[Dataset items]
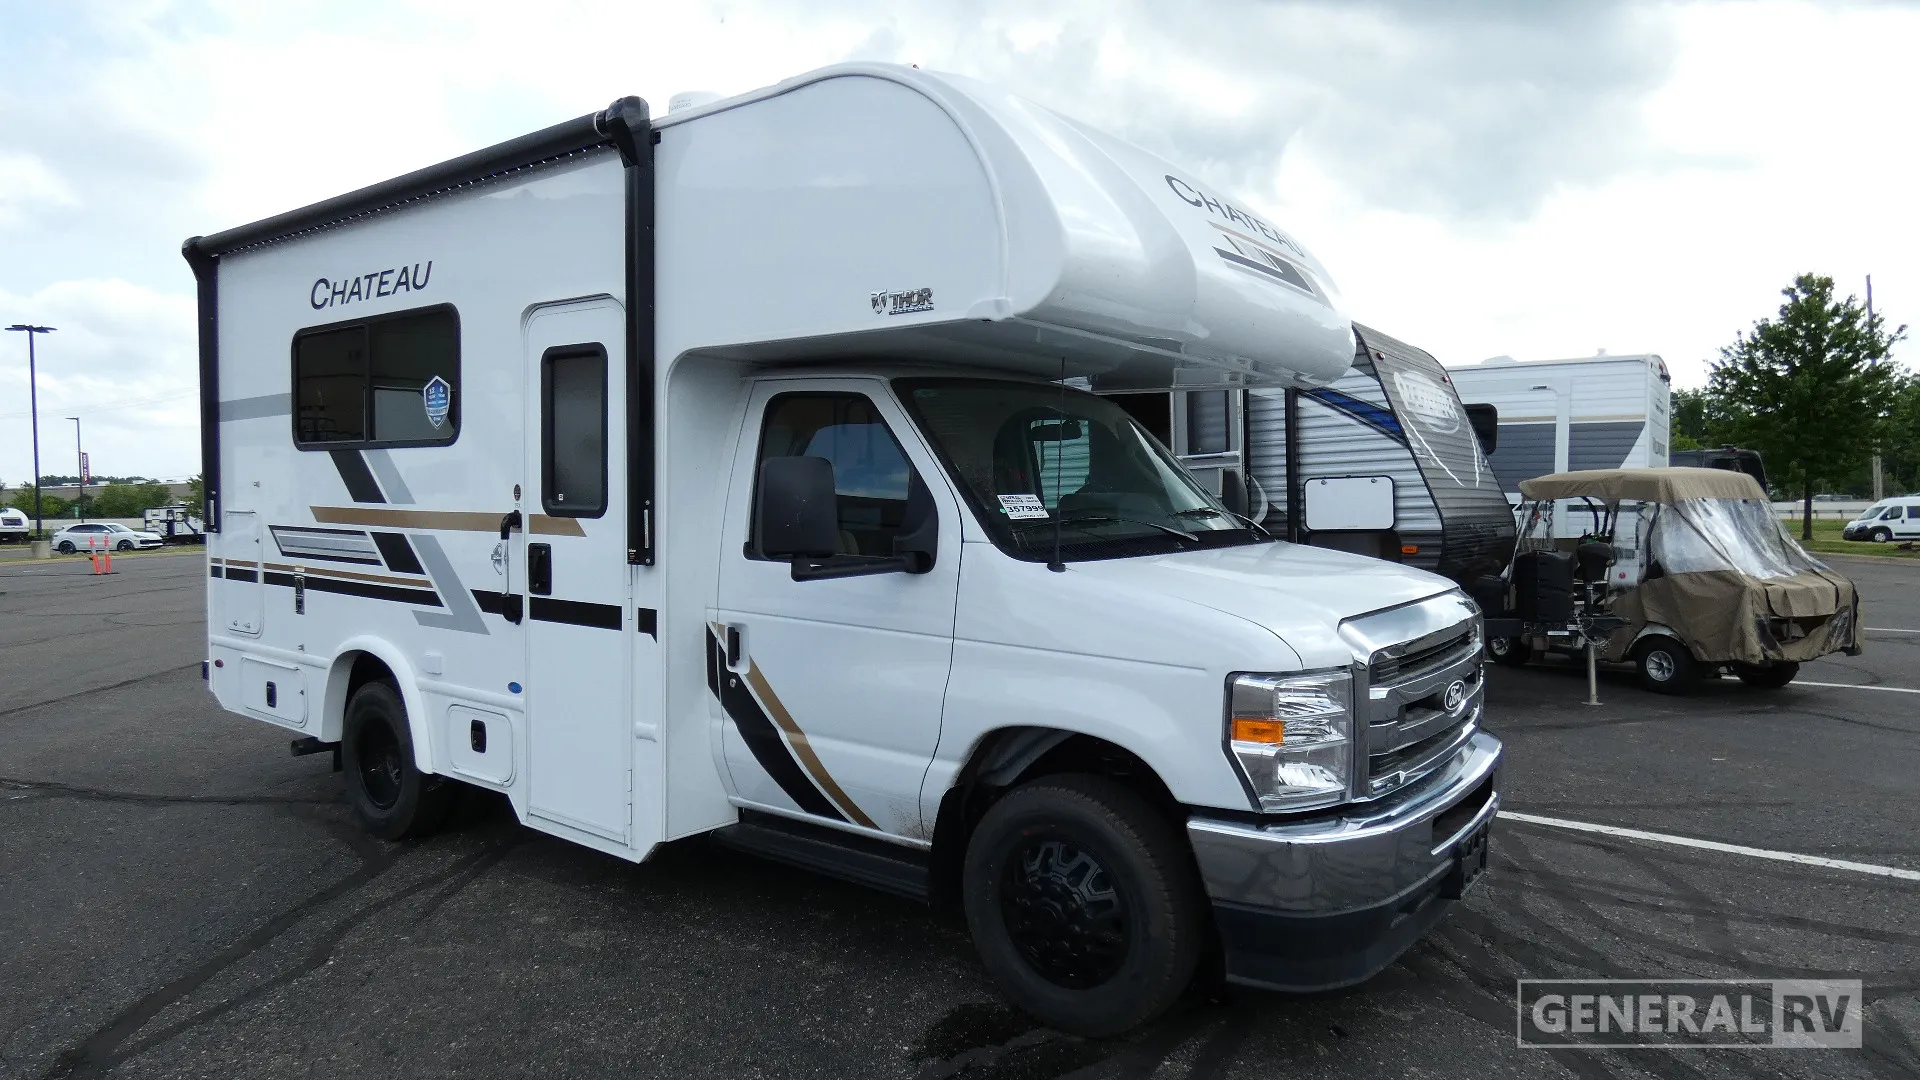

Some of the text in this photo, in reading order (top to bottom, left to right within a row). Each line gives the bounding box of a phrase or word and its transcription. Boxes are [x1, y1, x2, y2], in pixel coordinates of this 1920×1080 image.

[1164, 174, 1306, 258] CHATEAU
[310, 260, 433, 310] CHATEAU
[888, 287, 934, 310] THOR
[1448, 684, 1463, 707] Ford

Exercise prompt
Exact reproduction of the entries above is required, with pictures excluded.

Answer for the task
Some of the text in this photo, in reading order (top to bottom, left to right within a row). Each line gives the bounding box of a phrase or word and its transcription. Boxes are [x1, y1, x2, y2], in pixel coordinates of this 1920×1080 image.

[1164, 174, 1306, 258] CHATEAU
[310, 260, 433, 310] CHATEAU
[888, 287, 934, 310] THOR
[1448, 684, 1463, 707] Ford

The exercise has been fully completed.